Input records
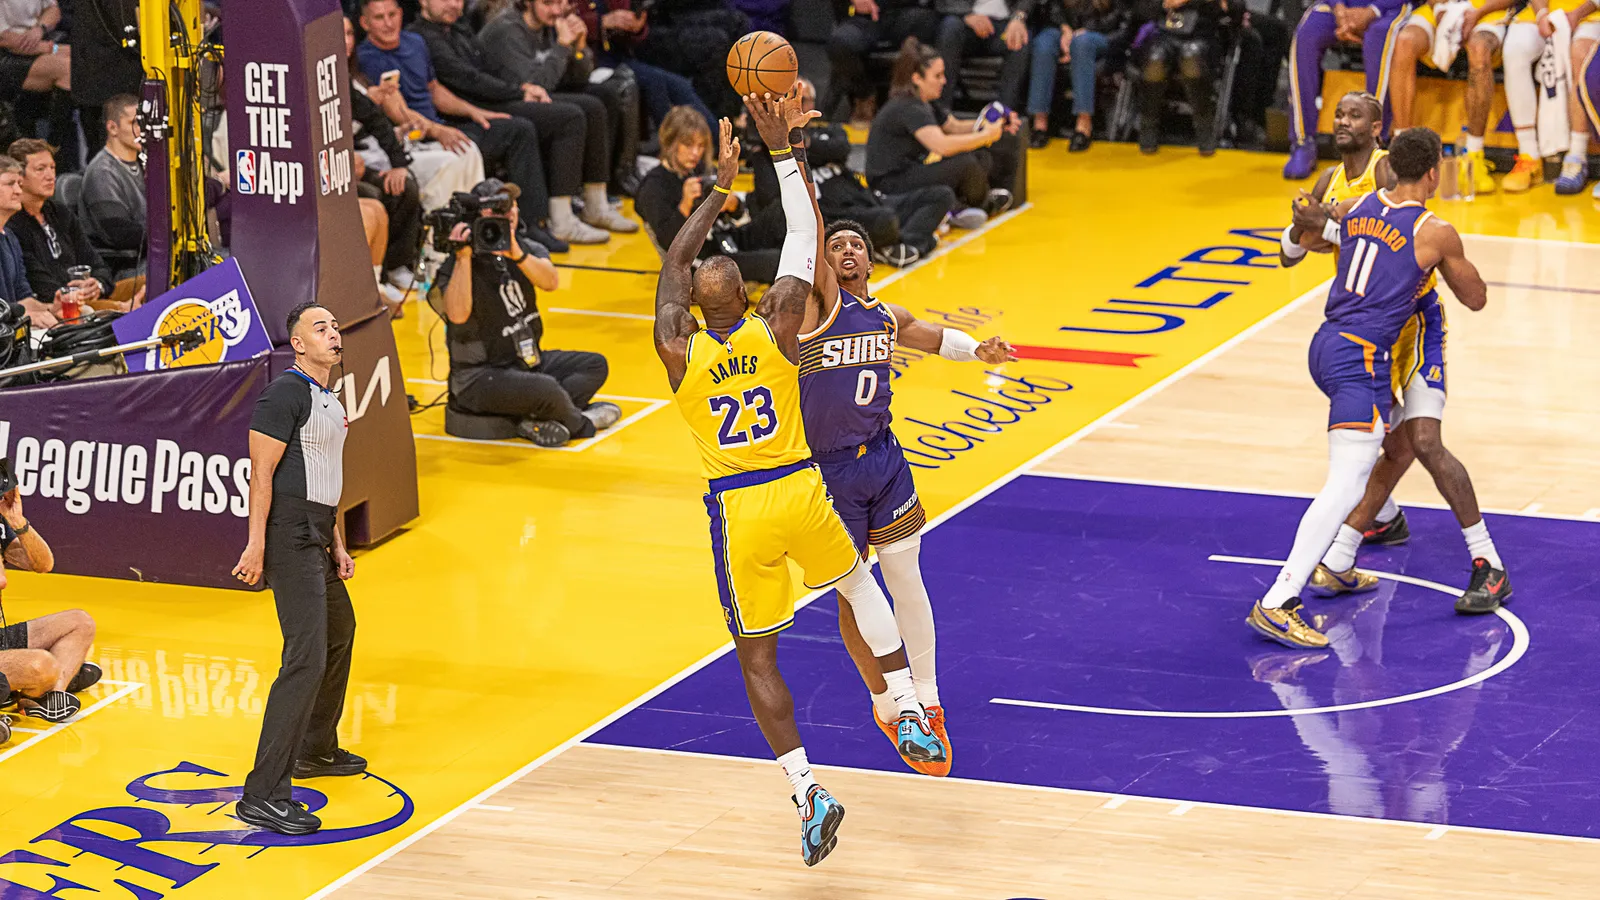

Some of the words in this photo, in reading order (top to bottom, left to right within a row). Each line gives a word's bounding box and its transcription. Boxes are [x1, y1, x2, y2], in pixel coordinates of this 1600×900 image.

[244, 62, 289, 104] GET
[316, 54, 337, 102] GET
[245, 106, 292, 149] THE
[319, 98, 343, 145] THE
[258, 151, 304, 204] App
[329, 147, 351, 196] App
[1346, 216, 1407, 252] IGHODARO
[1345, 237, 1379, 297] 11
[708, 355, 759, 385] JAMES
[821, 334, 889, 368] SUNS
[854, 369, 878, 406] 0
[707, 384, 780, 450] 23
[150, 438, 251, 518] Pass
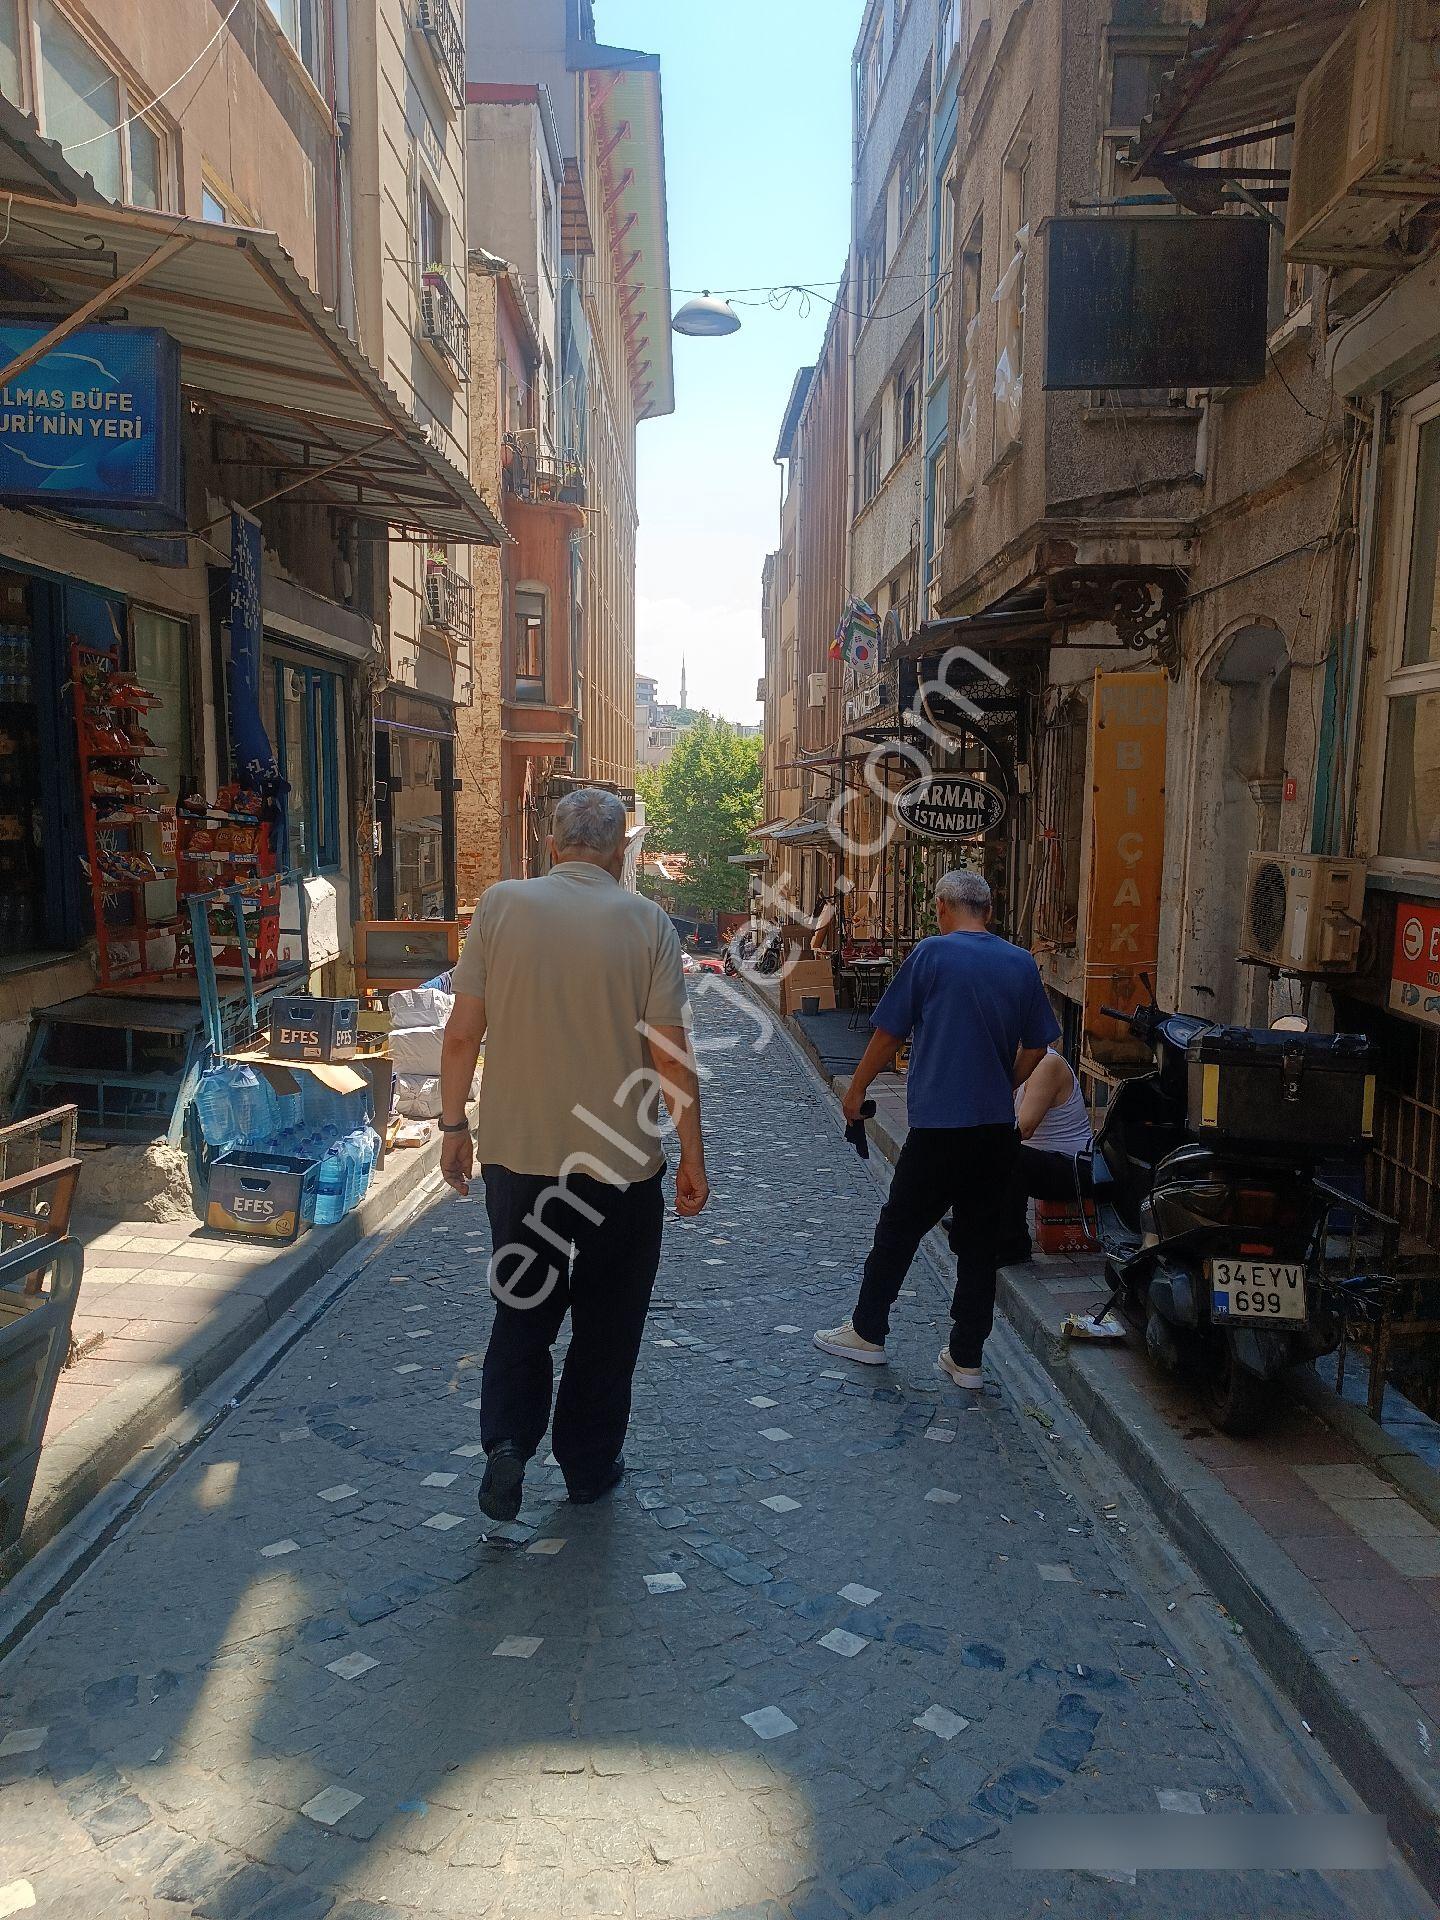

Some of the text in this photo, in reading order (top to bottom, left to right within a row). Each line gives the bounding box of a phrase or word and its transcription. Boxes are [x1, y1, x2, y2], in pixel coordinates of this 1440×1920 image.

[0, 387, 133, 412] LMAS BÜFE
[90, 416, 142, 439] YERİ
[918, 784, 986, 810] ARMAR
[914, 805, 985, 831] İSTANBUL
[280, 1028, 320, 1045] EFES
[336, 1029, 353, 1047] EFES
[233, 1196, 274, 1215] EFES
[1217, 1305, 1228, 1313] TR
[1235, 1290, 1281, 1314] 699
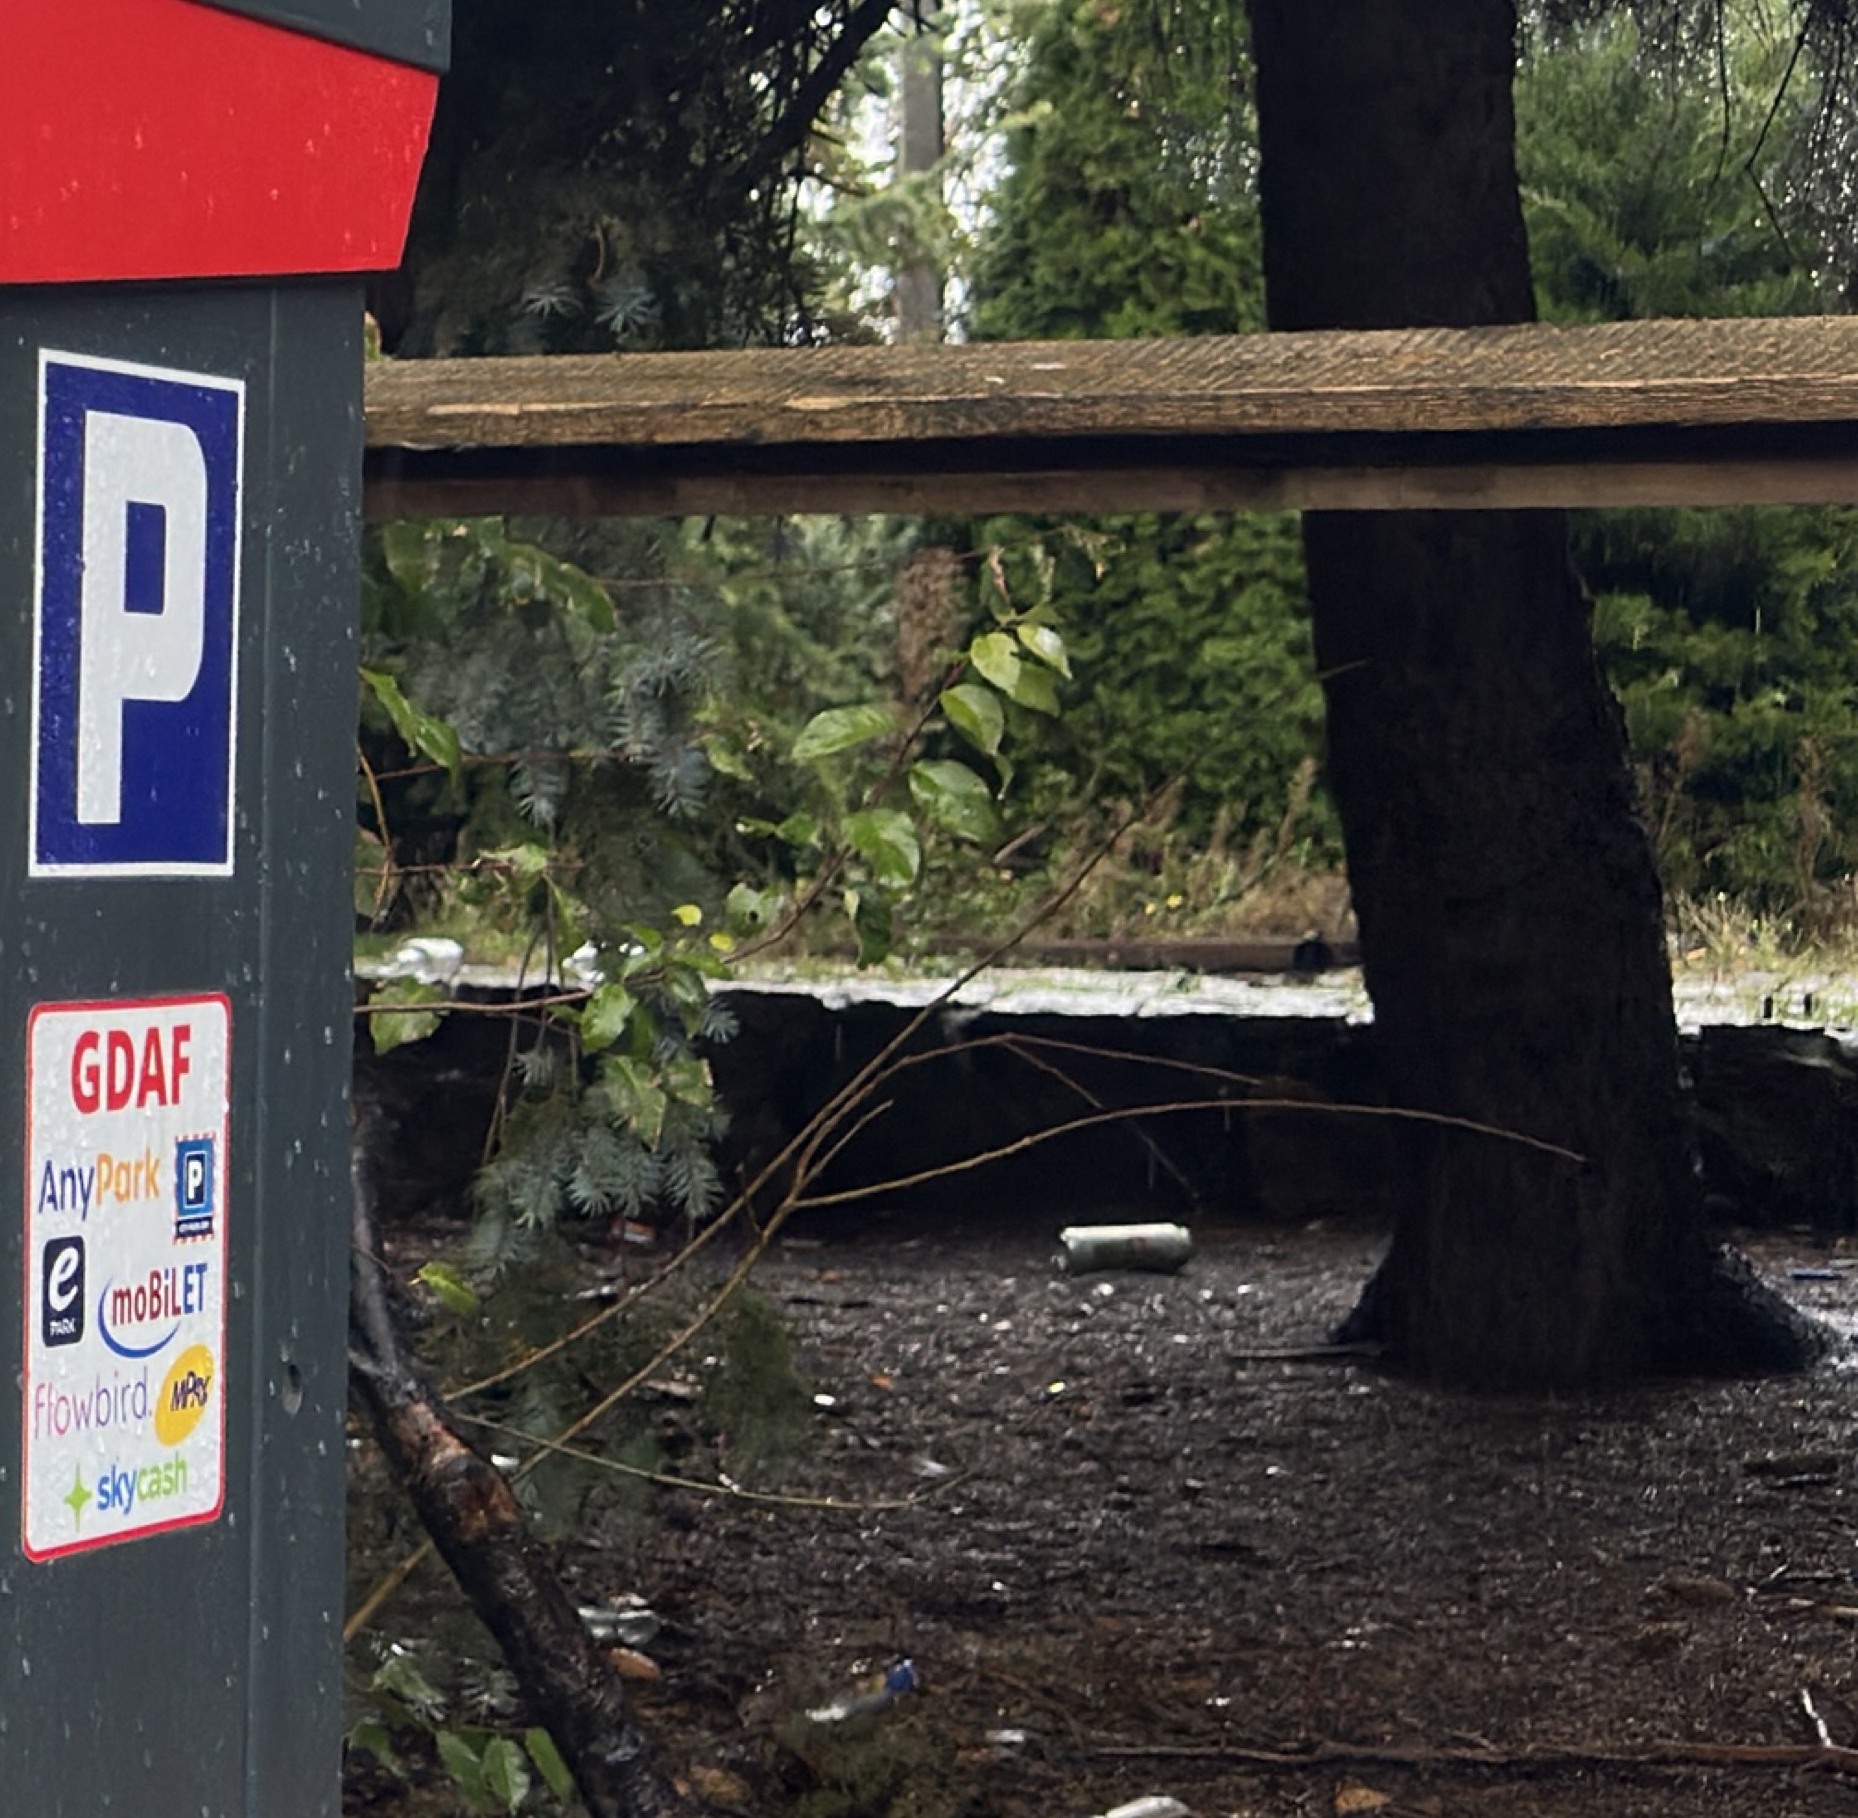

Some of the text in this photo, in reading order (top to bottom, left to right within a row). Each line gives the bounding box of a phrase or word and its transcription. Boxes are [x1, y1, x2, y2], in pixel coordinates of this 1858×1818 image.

Work instruction
Every entry, word for word: repeat it, but skip the images.

Exercise response
Some of the words in this photo, in reading order (top to bottom, left to right within a row). Each line gives a word's bounding box and its transcription. Boxes are [x1, y1, x2, y2], in pixel coordinates of this 1600×900 image.

[244, 62, 289, 104] GET
[316, 54, 337, 102] GET
[245, 106, 292, 149] THE
[319, 98, 343, 145] THE
[258, 151, 304, 204] App
[329, 147, 351, 196] App
[1346, 216, 1407, 252] IGHODARO
[1345, 237, 1379, 297] 11
[708, 355, 759, 385] JAMES
[821, 334, 889, 368] SUNS
[854, 369, 878, 406] 0
[707, 384, 780, 450] 23
[150, 438, 251, 518] Pass

Some of the text in this photo, in reading order (top to bottom, left to right within a row). Each line gives the bounding box of a phrase or word and its transcription. Boxes are [x1, y1, x2, y2], in pixel coordinates of this 1440×1920 image.

[0, 387, 133, 412] LMAS BÜFE
[90, 416, 142, 439] YERİ
[918, 784, 986, 810] ARMAR
[914, 805, 985, 831] İSTANBUL
[280, 1028, 320, 1045] EFES
[336, 1029, 353, 1047] EFES
[233, 1196, 274, 1215] EFES
[1217, 1305, 1228, 1313] TR
[1235, 1290, 1281, 1314] 699

Some of the text in this photo, in reading order (top to bottom, left to right within a row). Each line gives the bounding box of a phrase or word and its transcription. Boxes are [x1, y1, x2, y2], in pixel coordinates of this 1858×1818 image.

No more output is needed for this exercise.